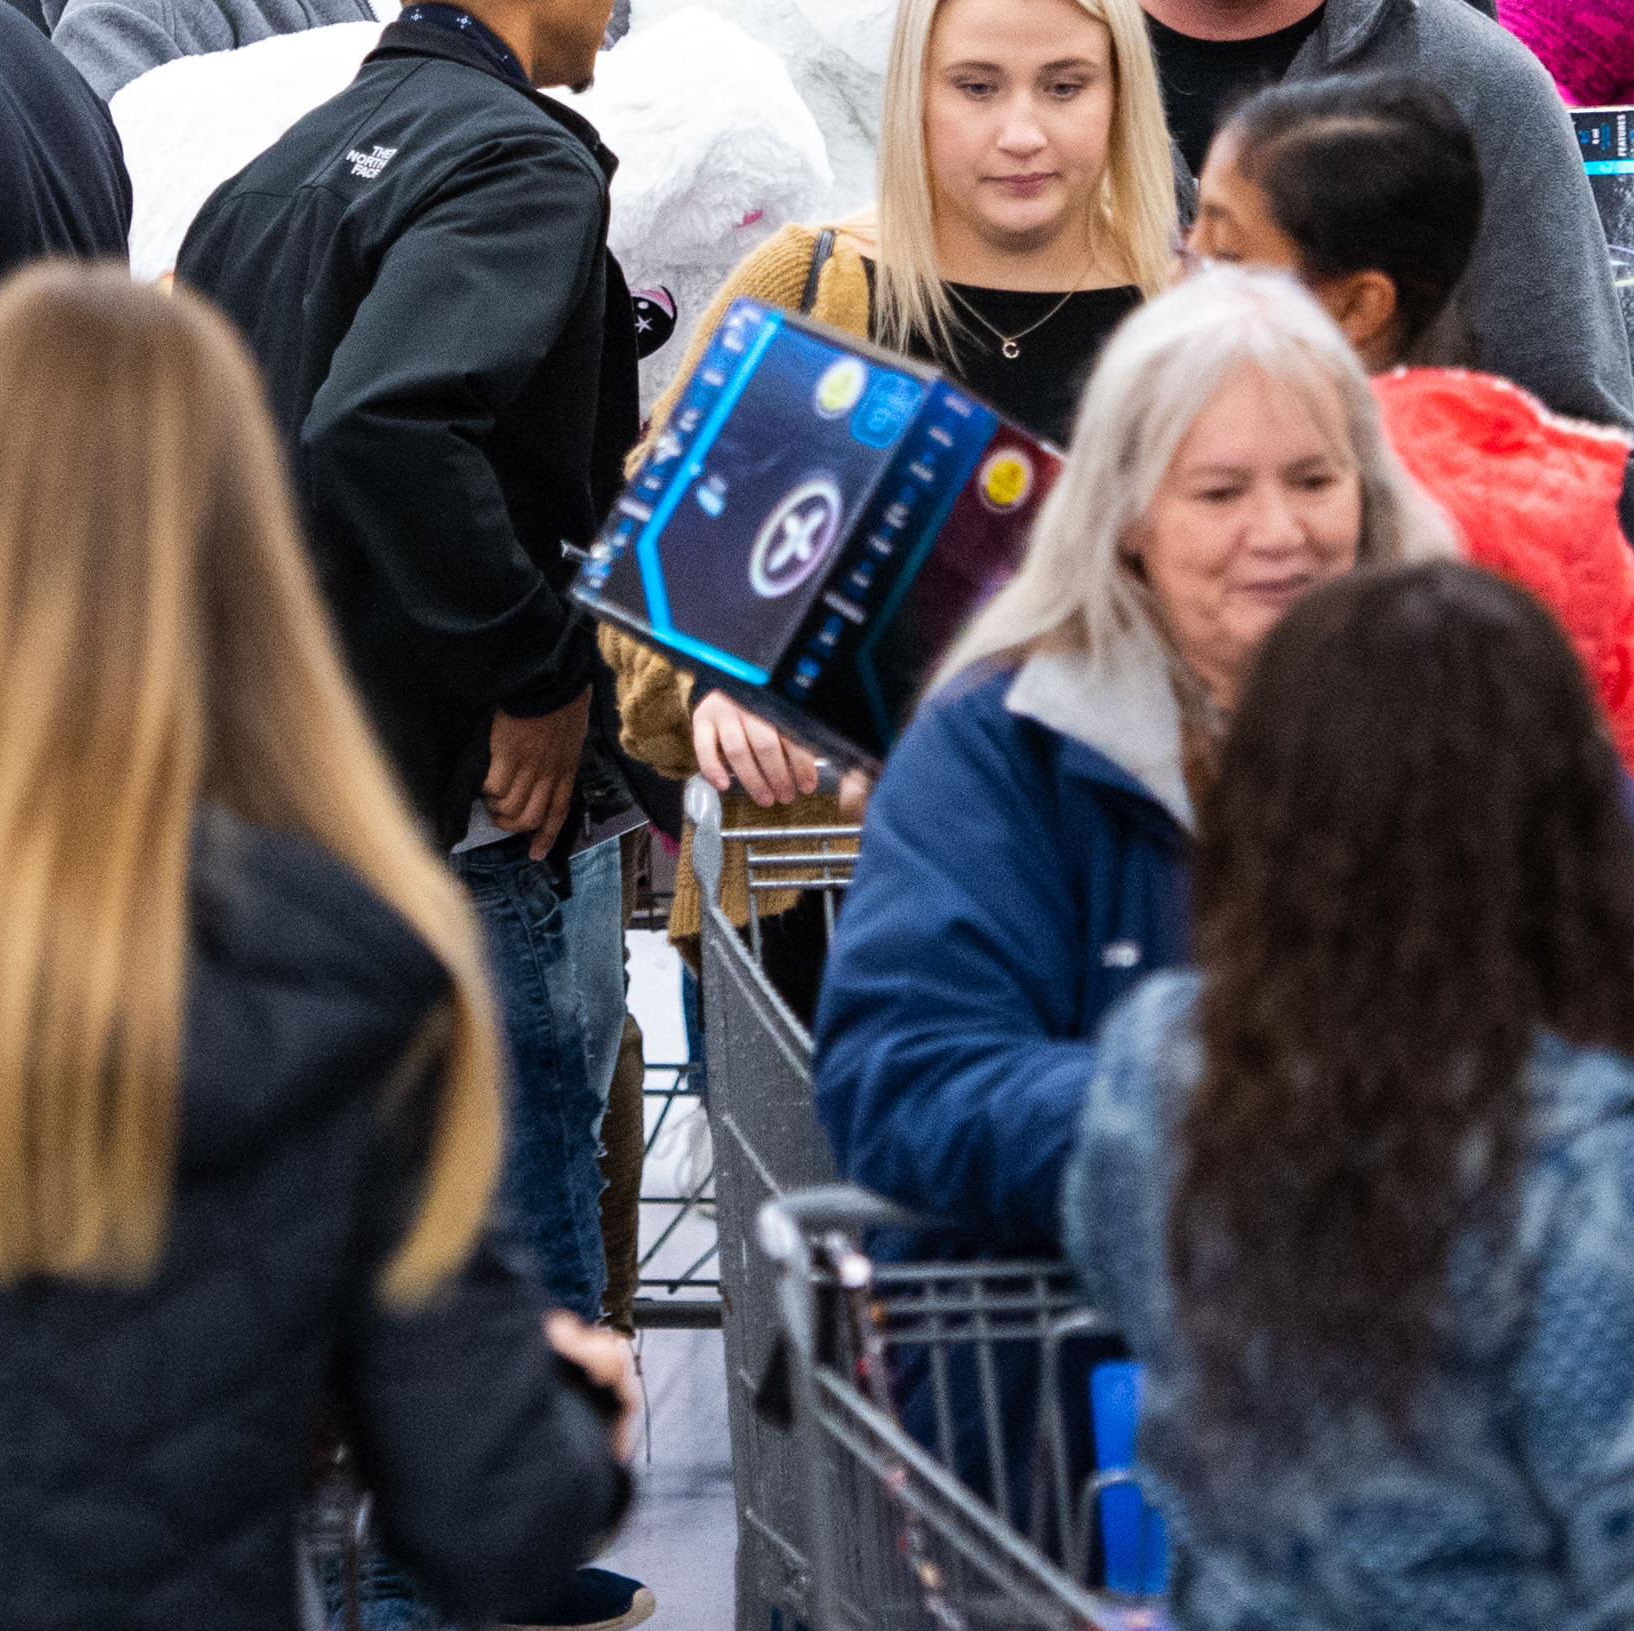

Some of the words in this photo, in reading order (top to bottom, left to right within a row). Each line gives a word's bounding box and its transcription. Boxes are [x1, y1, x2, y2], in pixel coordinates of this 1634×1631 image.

[1617, 114, 1627, 156] FEATURES
[346, 150, 389, 169] NORTH
[372, 146, 398, 160] THE
[350, 164, 381, 179] FACE
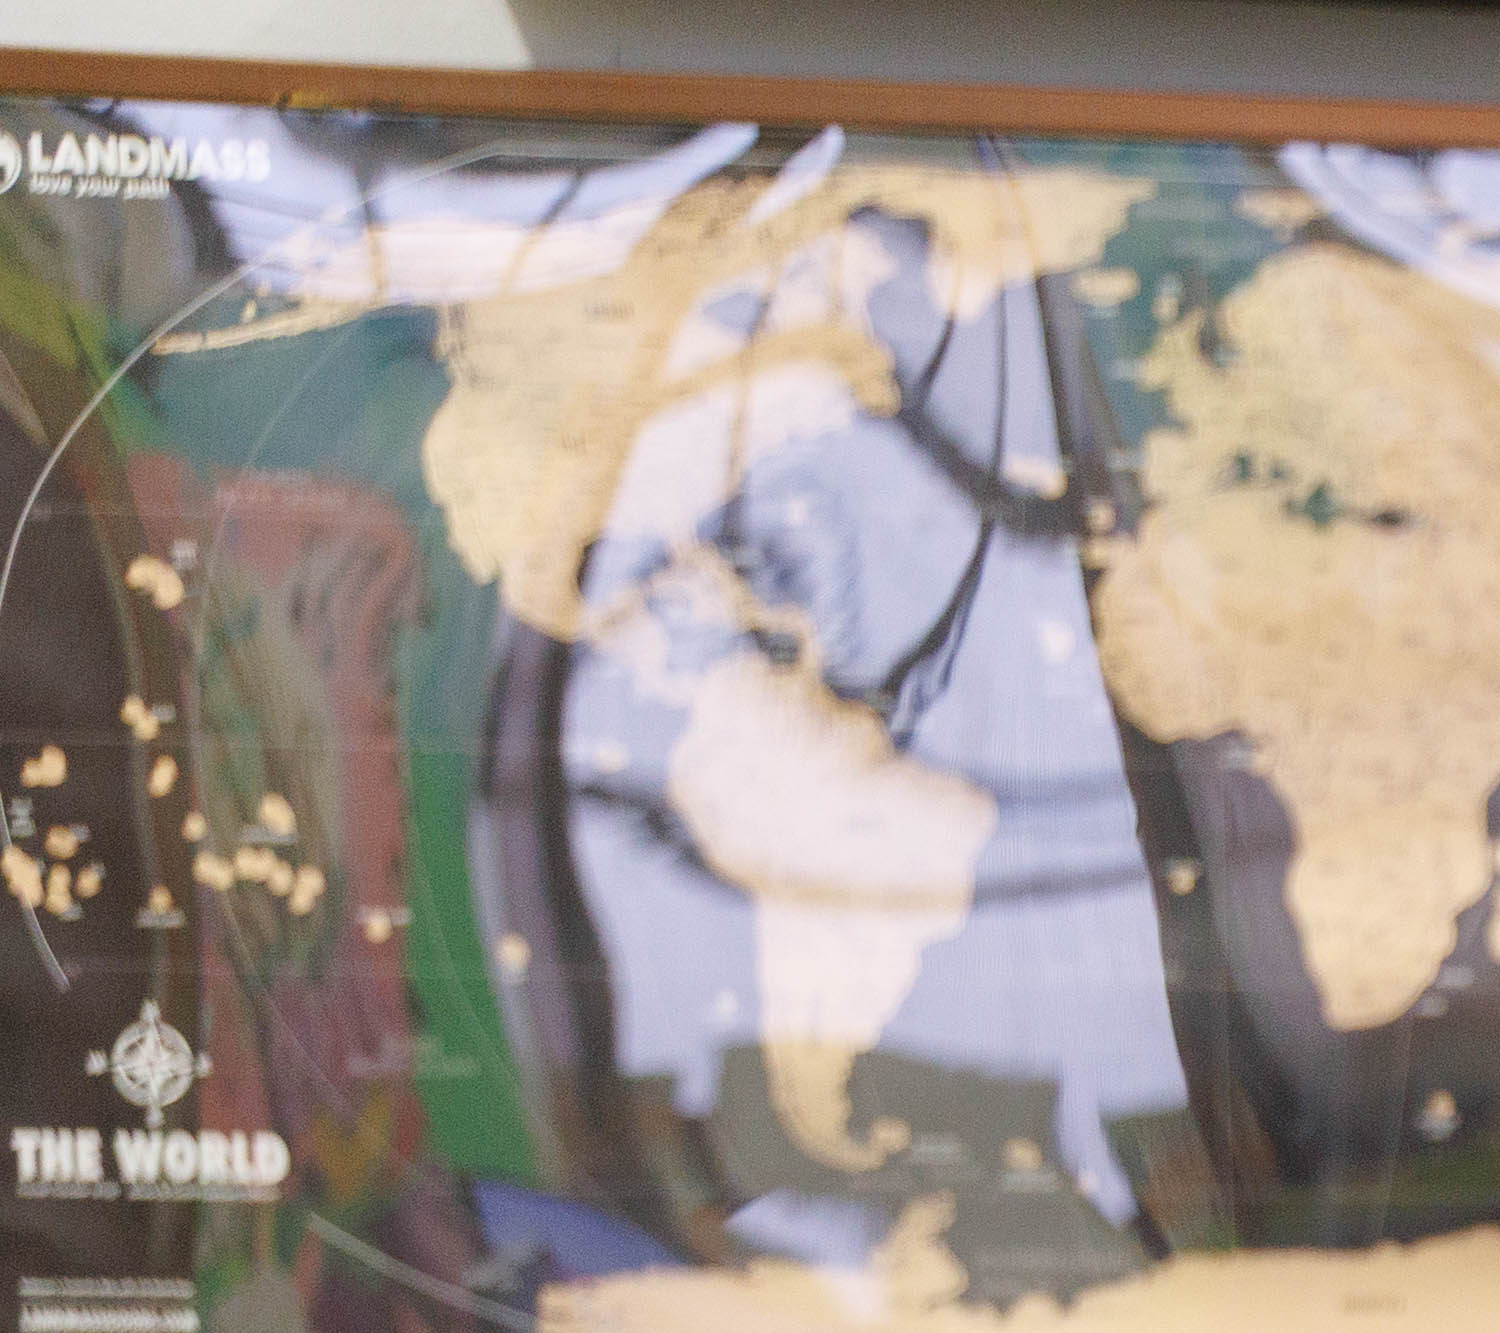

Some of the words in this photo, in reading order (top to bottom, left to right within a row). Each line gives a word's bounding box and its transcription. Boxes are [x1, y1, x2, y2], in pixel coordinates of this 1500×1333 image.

[27, 129, 269, 183] LANDMASS
[11, 1127, 104, 1185] THE
[113, 1129, 291, 1186] WORLD
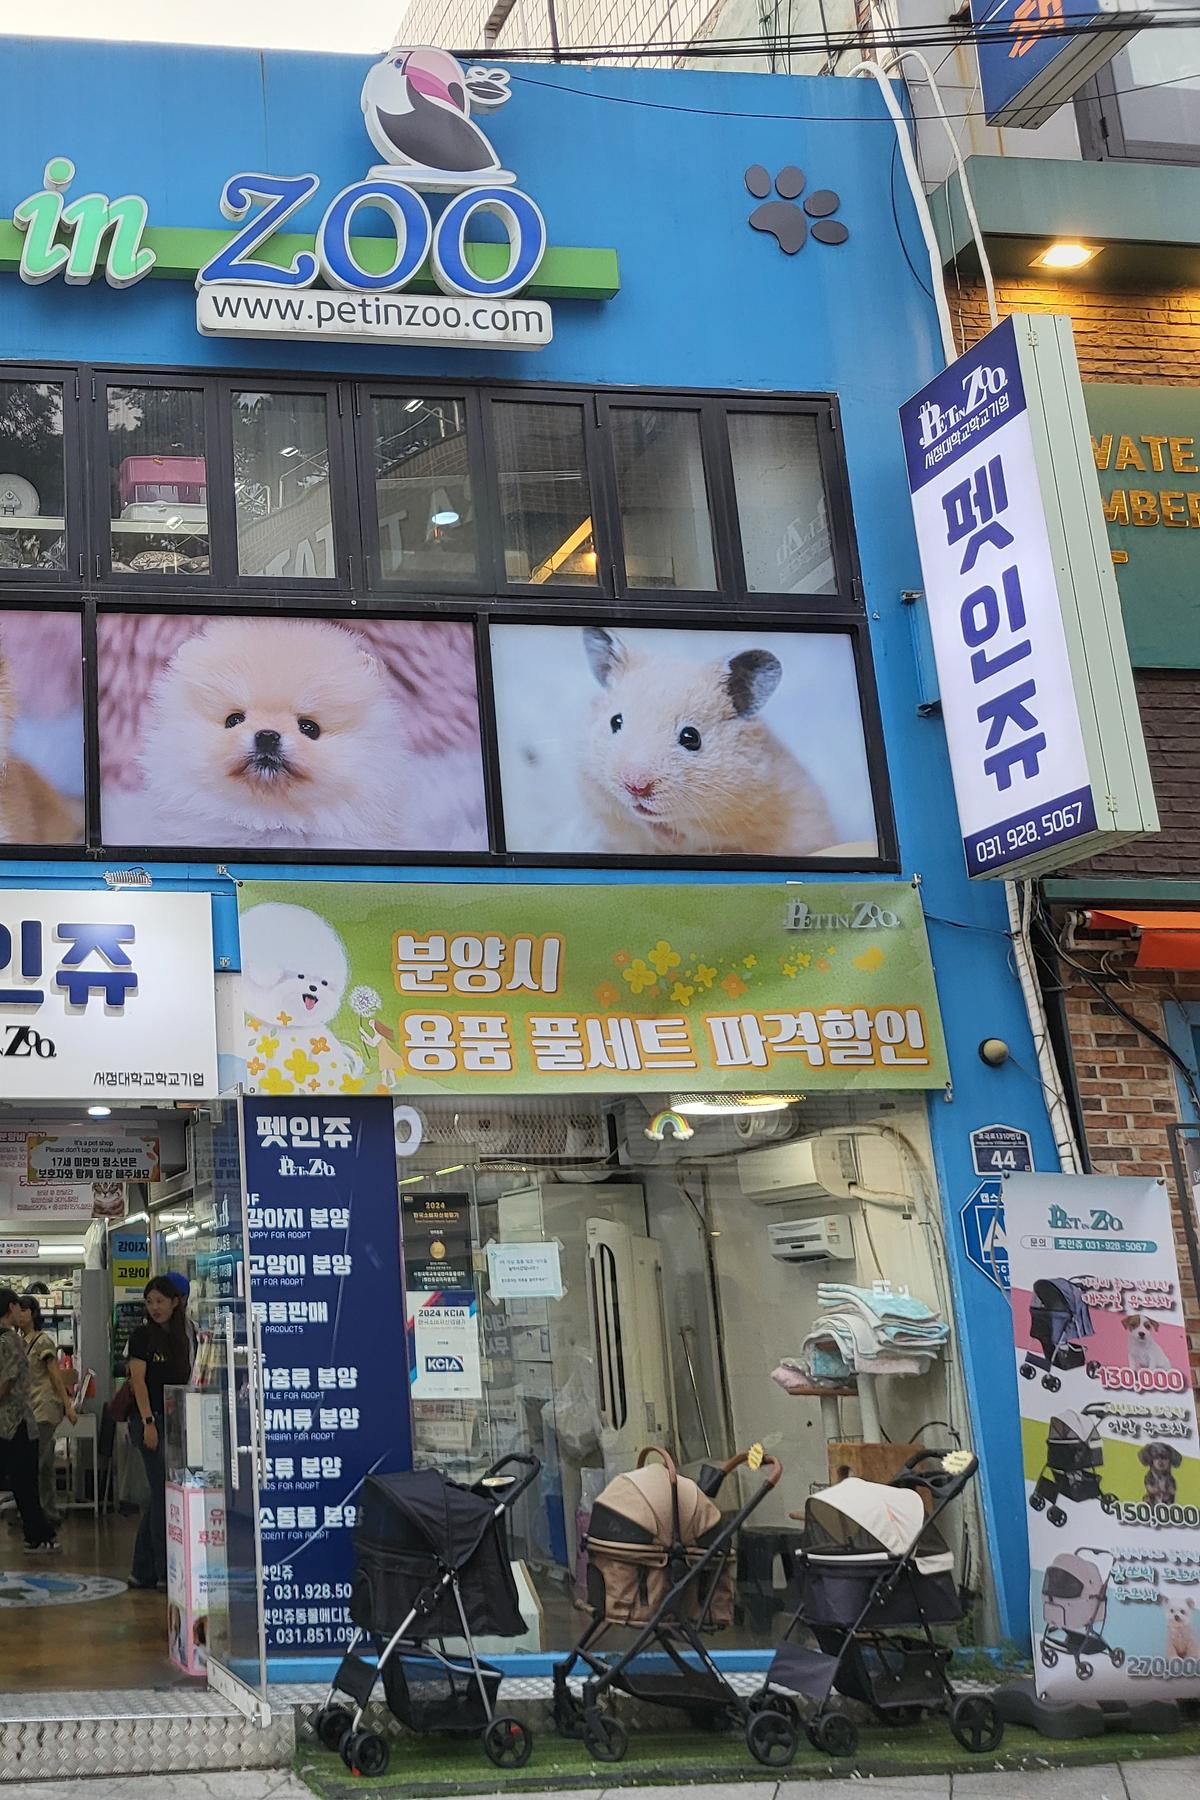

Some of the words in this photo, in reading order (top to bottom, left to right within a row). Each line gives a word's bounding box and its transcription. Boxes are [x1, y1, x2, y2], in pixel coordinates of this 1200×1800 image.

[13, 157, 156, 289] in
[199, 172, 547, 298] ZOO
[213, 291, 545, 335] www.petinzoo.com
[925, 393, 1010, 469] 서정대학교학교기업
[940, 455, 1045, 791] 펫인쥬
[396, 934, 560, 994] 분양시
[402, 1012, 511, 1072] 용품
[531, 1013, 697, 1072] 풀세트
[706, 1009, 928, 1068] 파격할인
[93, 1071, 205, 1087] 서정대학교학교기업
[256, 1116, 352, 1148] 펫인쥬
[990, 1150, 1016, 1169] 44
[247, 1208, 303, 1229] 강아지
[310, 1208, 349, 1229] 분양
[1030, 1237, 1047, 1247] 문의
[1086, 1241, 1147, 1252] 031-928-5067
[250, 1255, 306, 1276] 고양이
[313, 1255, 352, 1276] 분양
[418, 1309, 441, 1317] 2024
[444, 1309, 465, 1317] KCIA
[427, 1358, 461, 1372] KCIA
[318, 1368, 358, 1390] 분양
[1097, 1367, 1183, 1390] 130,000
[320, 1408, 360, 1430] 분양
[1143, 1421, 1189, 1436] 유모차
[302, 1456, 341, 1478] 분양
[1112, 1502, 1198, 1526] 150,000
● ● ● ● ● ● ●
After removing the pictures, repeat the remaining records exactly.

Some of the words in this photo, in reading order (top to bottom, left to right within a row). Each line gives a word's bounding box and its transcription. Boxes are [x1, y1, x2, y2], in pixel coordinates of this 1634×1631 image.

[1617, 114, 1627, 156] FEATURES
[346, 150, 389, 169] NORTH
[372, 146, 398, 160] THE
[350, 164, 381, 179] FACE

Some of the words in this photo, in reading order (top to bottom, left to right within a row). Each line gives a word's bounding box and its transcription. Boxes are [x1, y1, x2, y2], in pixel coordinates of this 1500×1333 image.

[27, 129, 269, 183] LANDMASS
[11, 1127, 104, 1185] THE
[113, 1129, 291, 1186] WORLD

Some of the words in this photo, in reading order (top to bottom, left to right within a row). Each line gives a word's bounding box and its transcription. Boxes are [x1, y1, x2, y2], in pixel coordinates of this 1200×1800 image.

[13, 157, 156, 289] in
[199, 172, 547, 298] ZOO
[213, 291, 545, 335] www.petinzoo.com
[925, 393, 1010, 469] 서정대학교학교기업
[940, 455, 1045, 791] 펫인쥬
[396, 934, 560, 994] 분양시
[402, 1012, 511, 1072] 용품
[531, 1013, 697, 1072] 풀세트
[706, 1009, 928, 1068] 파격할인
[93, 1071, 205, 1087] 서정대학교학교기업
[256, 1116, 352, 1148] 펫인쥬
[990, 1150, 1016, 1169] 44
[247, 1208, 303, 1229] 강아지
[310, 1208, 349, 1229] 분양
[1030, 1237, 1047, 1247] 문의
[1086, 1241, 1147, 1252] 031-928-5067
[250, 1255, 306, 1276] 고양이
[313, 1255, 352, 1276] 분양
[418, 1309, 441, 1317] 2024
[444, 1309, 465, 1317] KCIA
[427, 1358, 461, 1372] KCIA
[318, 1368, 358, 1390] 분양
[1097, 1367, 1183, 1390] 130,000
[320, 1408, 360, 1430] 분양
[1143, 1421, 1189, 1436] 유모차
[302, 1456, 341, 1478] 분양
[1112, 1502, 1198, 1526] 150,000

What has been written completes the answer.